▸ **Task instructions**
Please transcribe the listing below in full and word for word, without its pictures.

▸ **Records supplied**
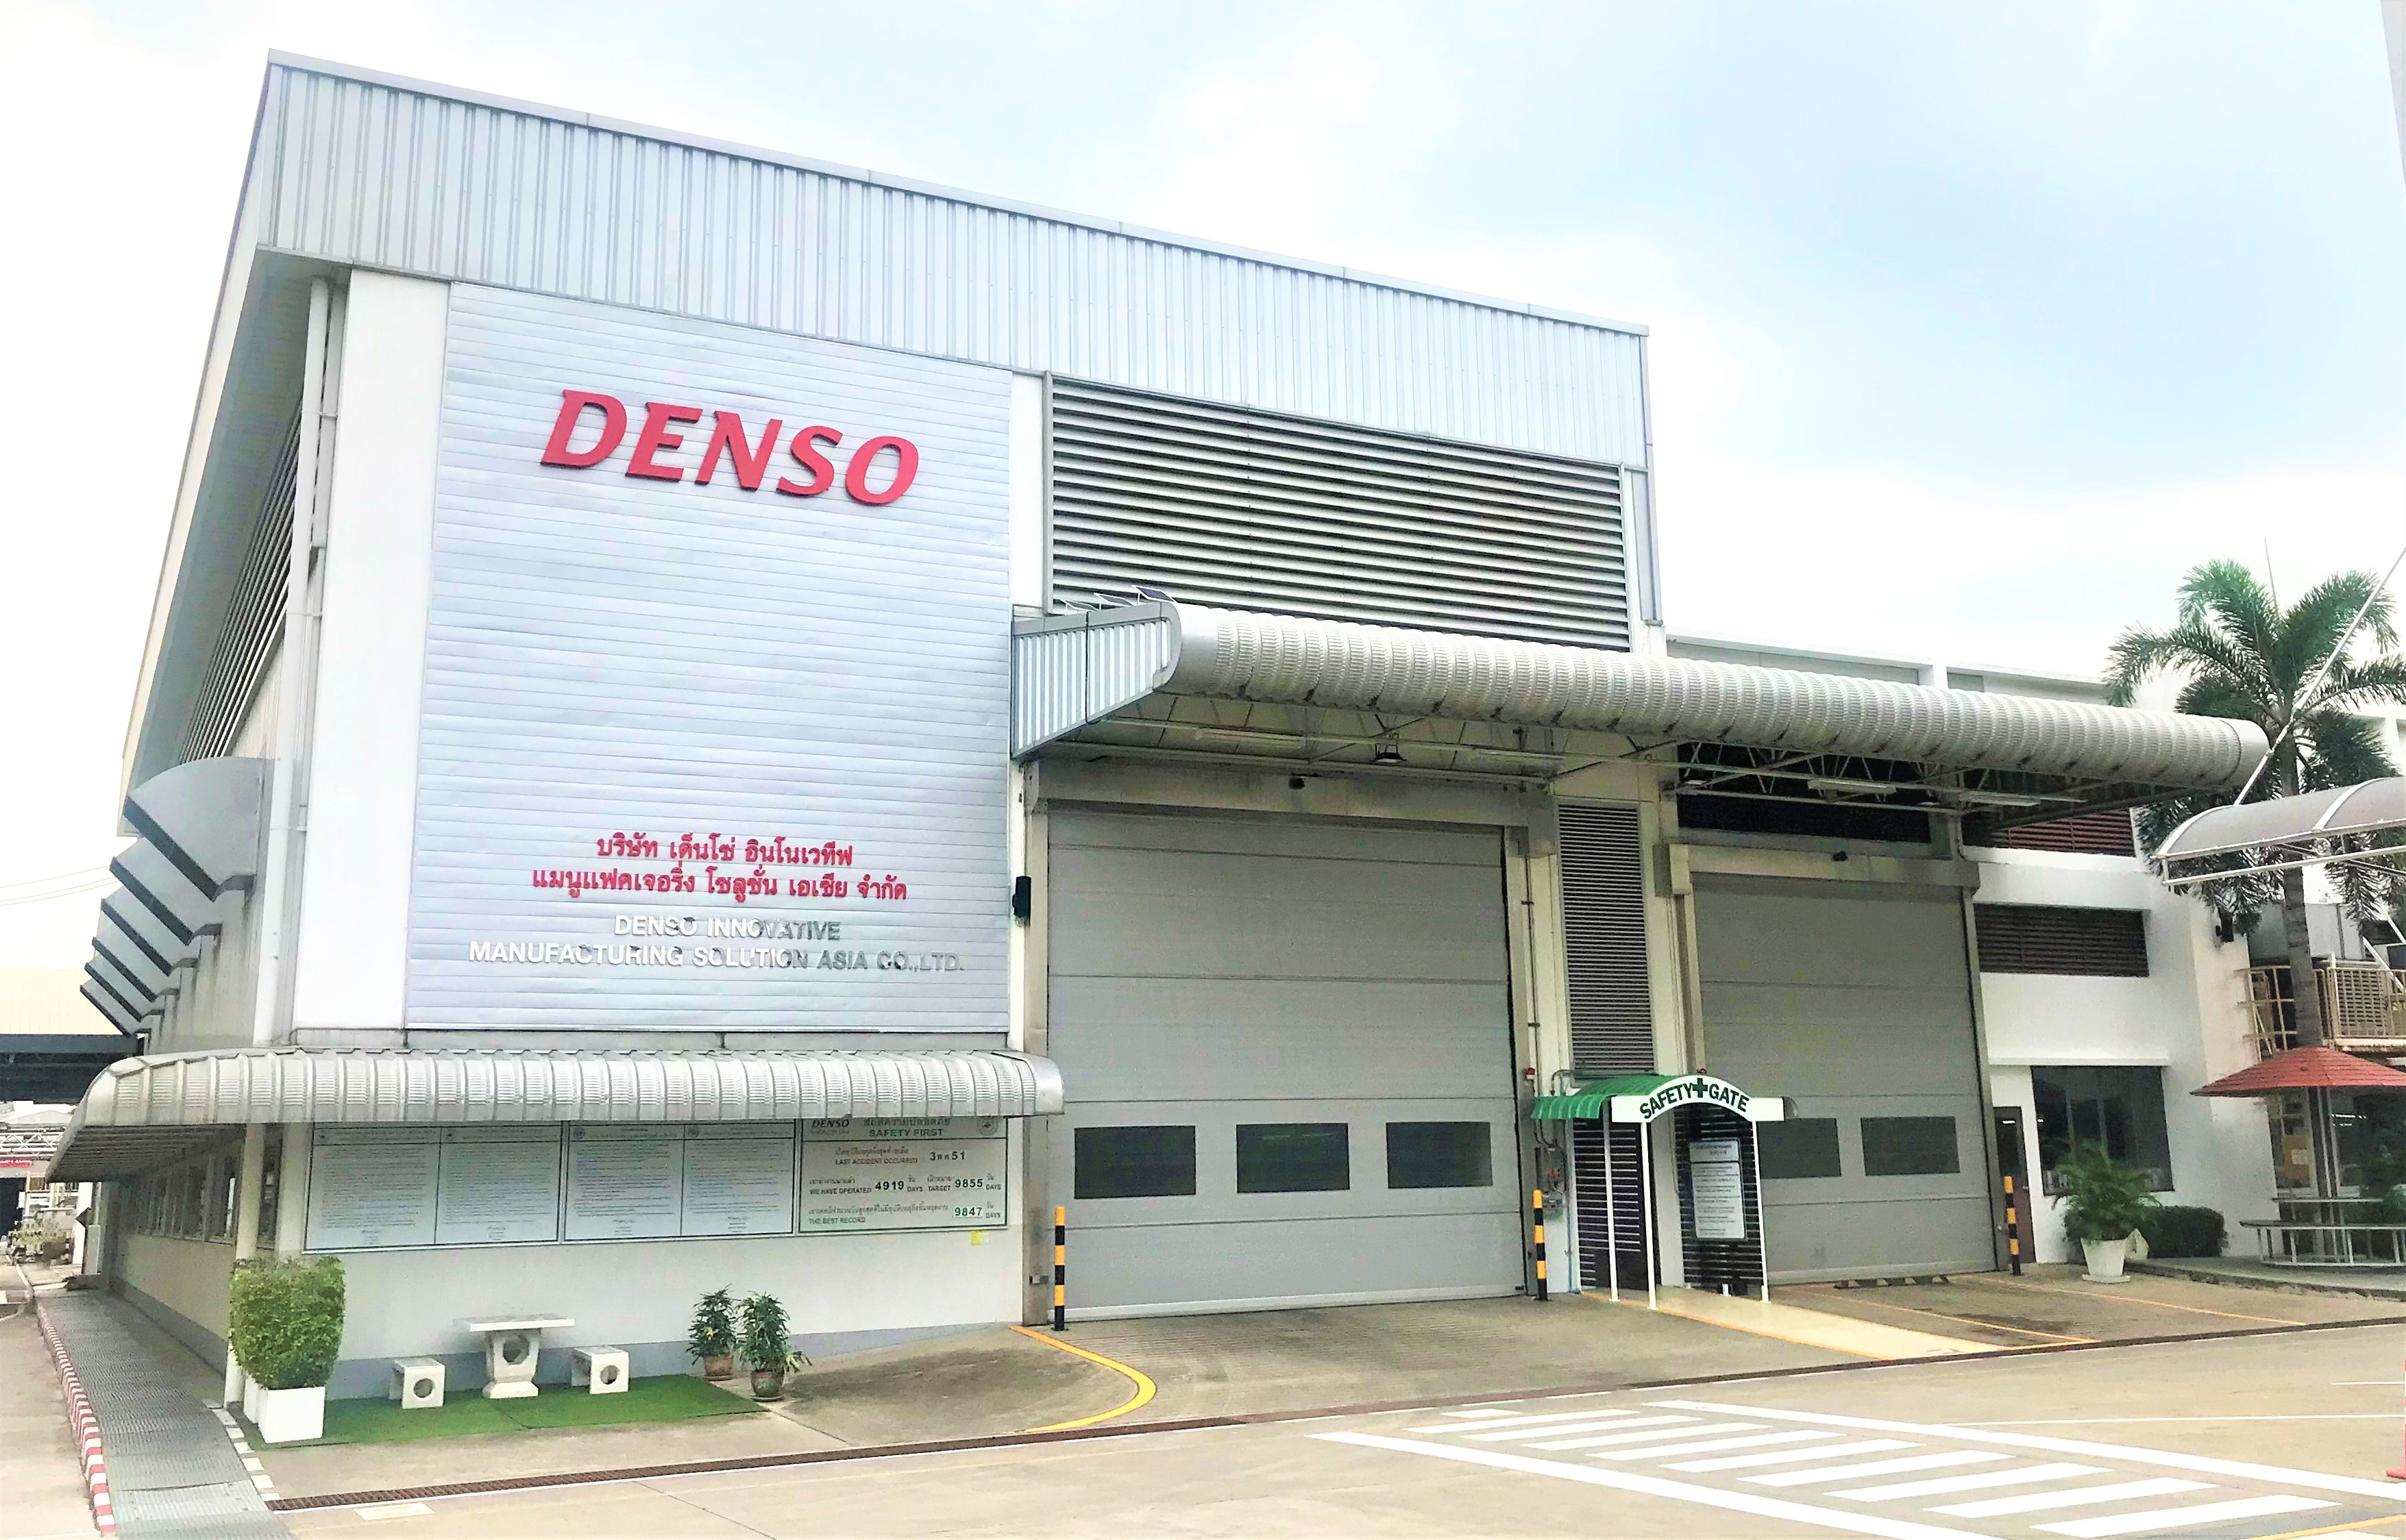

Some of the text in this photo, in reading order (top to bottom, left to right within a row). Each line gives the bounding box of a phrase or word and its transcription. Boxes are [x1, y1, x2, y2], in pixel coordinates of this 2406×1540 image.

[540, 388, 920, 507] DENSO
[597, 832, 853, 866] บริษัท เด็นโซ่ อินโนเวทีฟ
[532, 861, 907, 903] แมนูแฟคเจอริ่ง โซลูชั่น เอเชีย จำกัด
[614, 915, 841, 942] DENSO INNOVATIVE
[469, 941, 684, 968] MANUFACTURING
[693, 945, 808, 970] SOLUTION
[815, 949, 868, 971] ASIA
[1639, 1082, 1750, 1119] SAFETY GATE
[812, 1119, 850, 1128] DENSO
[868, 1128, 944, 1137] SAFETY FIRST
[875, 1180, 905, 1191] 4919
[955, 1178, 983, 1188] 9855
[955, 1206, 983, 1217] 9847
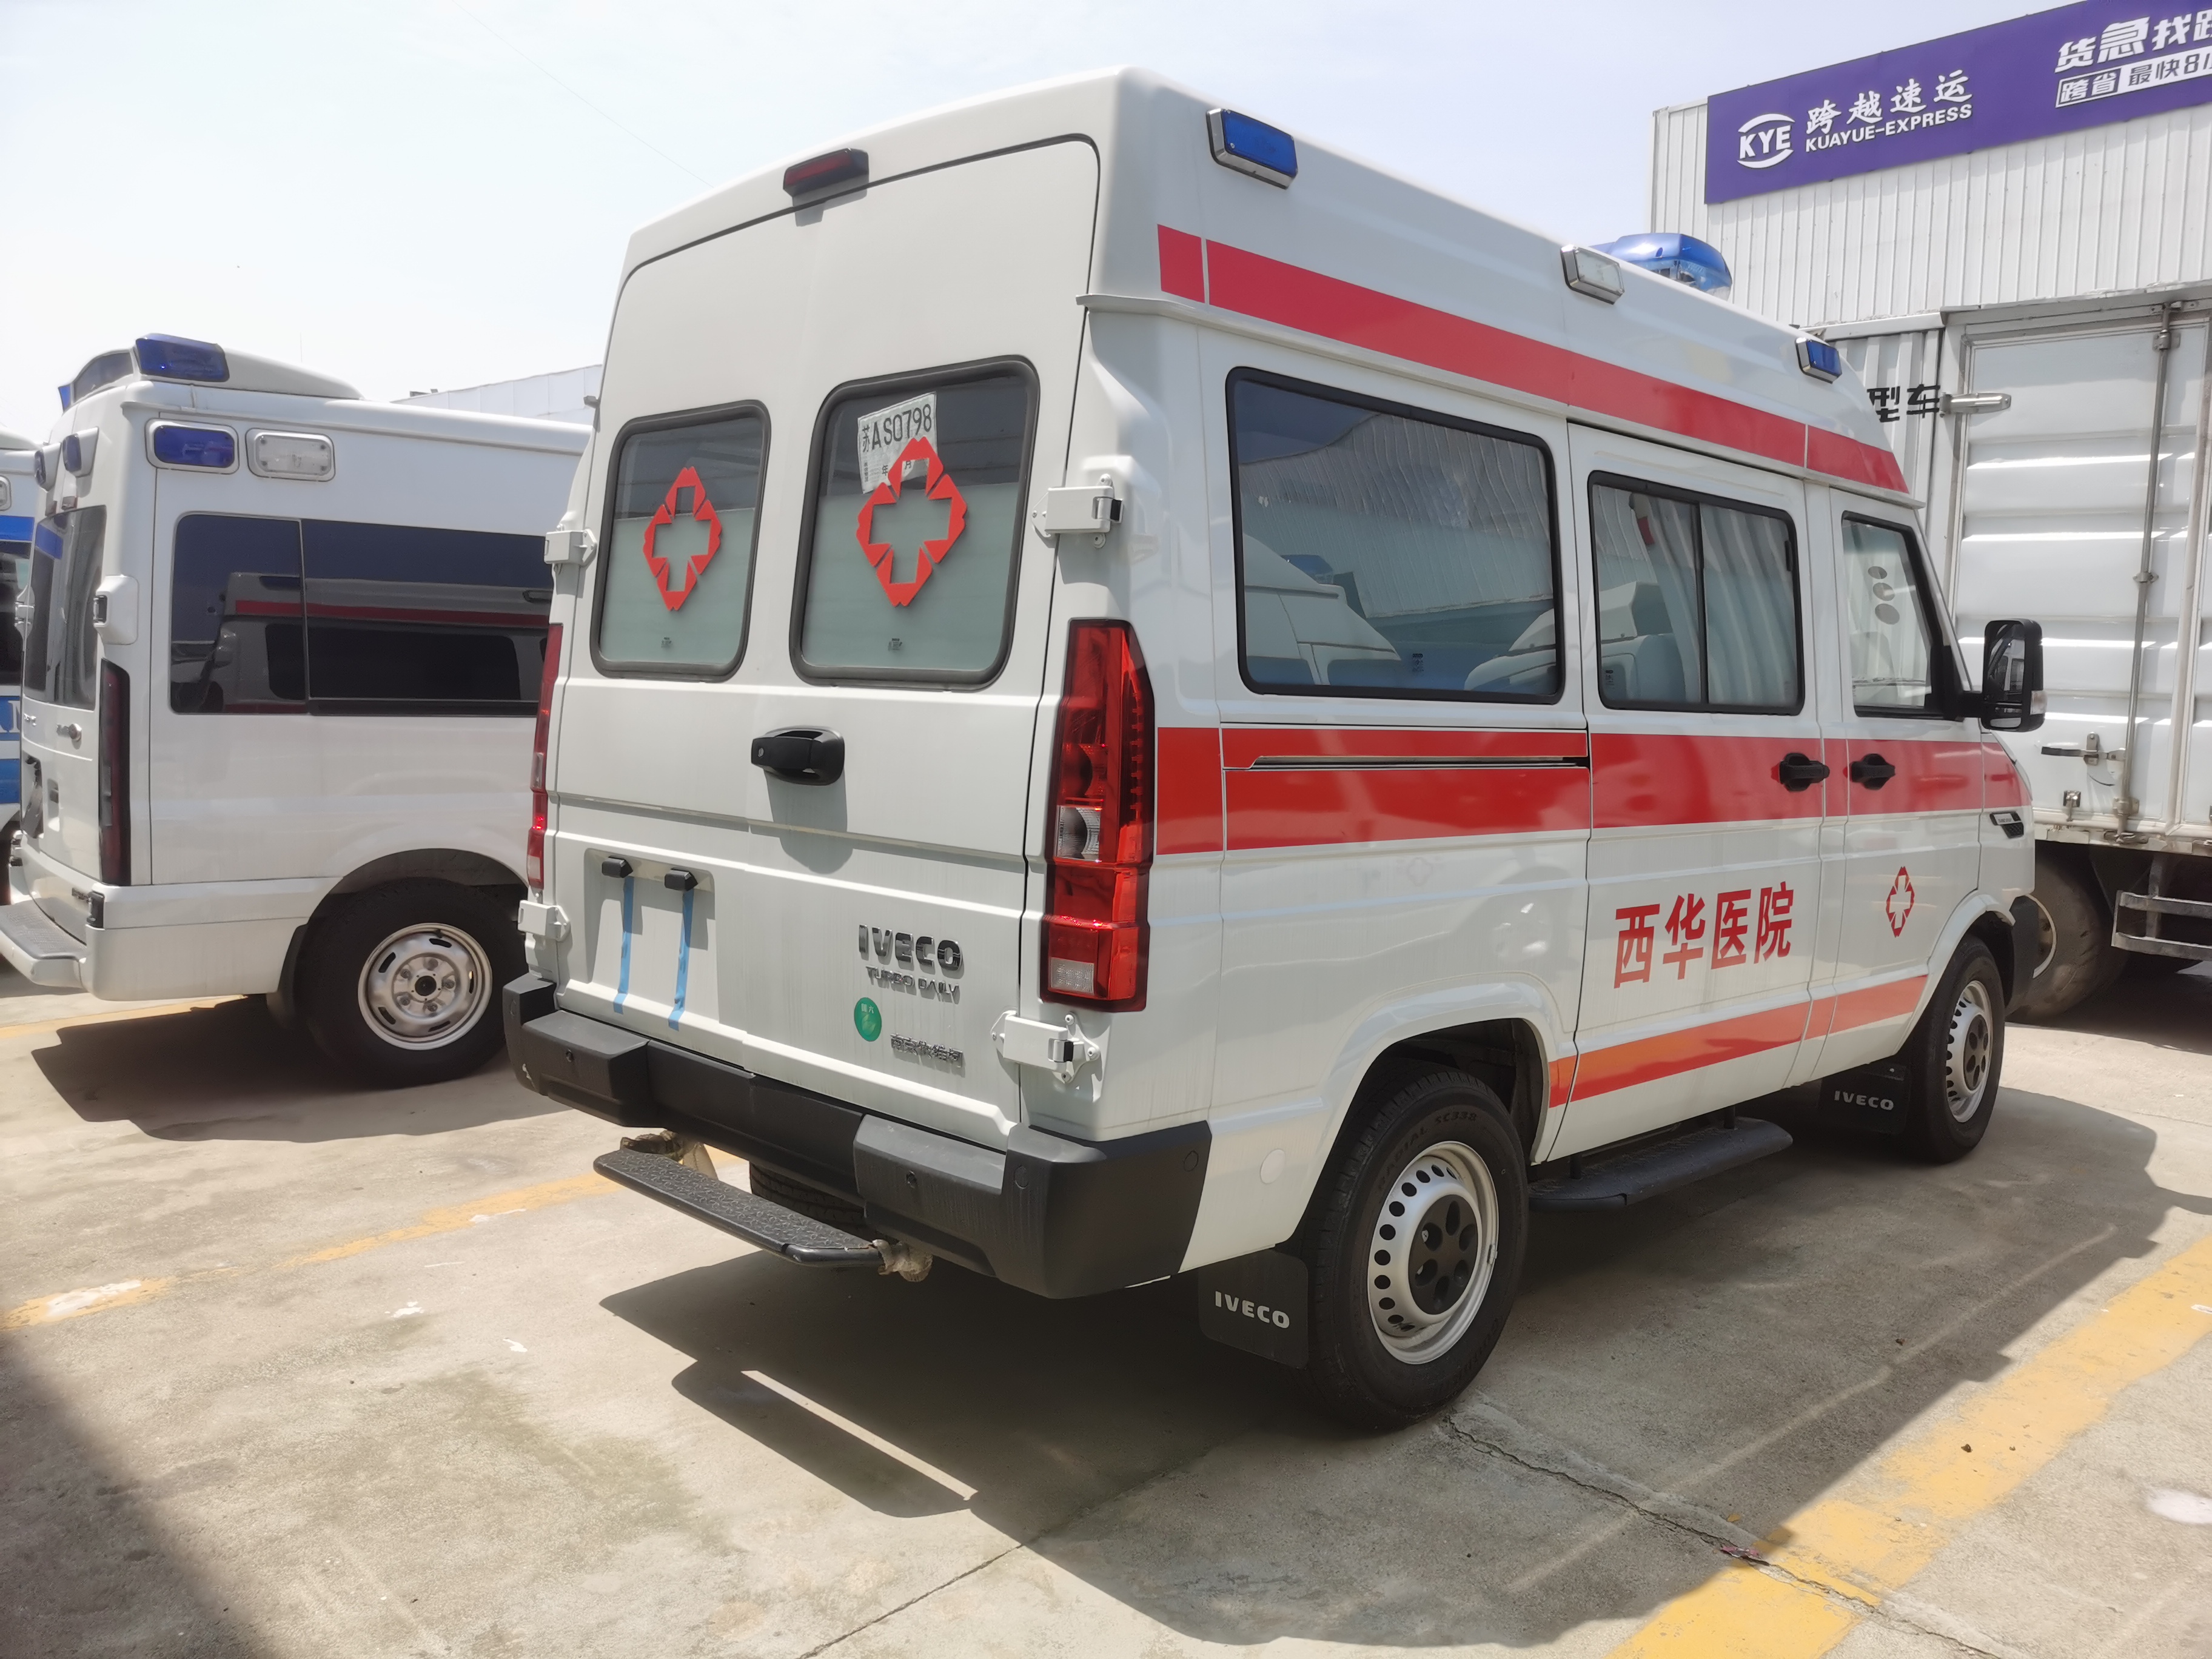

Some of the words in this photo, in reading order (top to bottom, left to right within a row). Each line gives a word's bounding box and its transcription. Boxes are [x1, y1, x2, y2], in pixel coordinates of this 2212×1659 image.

▸ **Task answer**
Some of the text in this photo, in reading order (top to bottom, left to right within a row). Each line gives the bounding box of a phrase or word and its transcription. Boxes are [x1, y1, x2, y2], in pixel coordinates of this 2406×1540 image.

[540, 388, 920, 507] DENSO
[597, 832, 853, 866] บริษัท เด็นโซ่ อินโนเวทีฟ
[532, 861, 907, 903] แมนูแฟคเจอริ่ง โซลูชั่น เอเชีย จำกัด
[614, 915, 841, 942] DENSO INNOVATIVE
[469, 941, 684, 968] MANUFACTURING
[693, 945, 808, 970] SOLUTION
[815, 949, 868, 971] ASIA
[1639, 1082, 1750, 1119] SAFETY GATE
[812, 1119, 850, 1128] DENSO
[868, 1128, 944, 1137] SAFETY FIRST
[875, 1180, 905, 1191] 4919
[955, 1178, 983, 1188] 9855
[955, 1206, 983, 1217] 9847

Some of the words in this photo, in reading order (top to bottom, left to right within a row). Each line gives a word's bounding box and its transcription. Boxes are [x1, y1, x2, y2], in pixel coordinates of this 2212×1659 image.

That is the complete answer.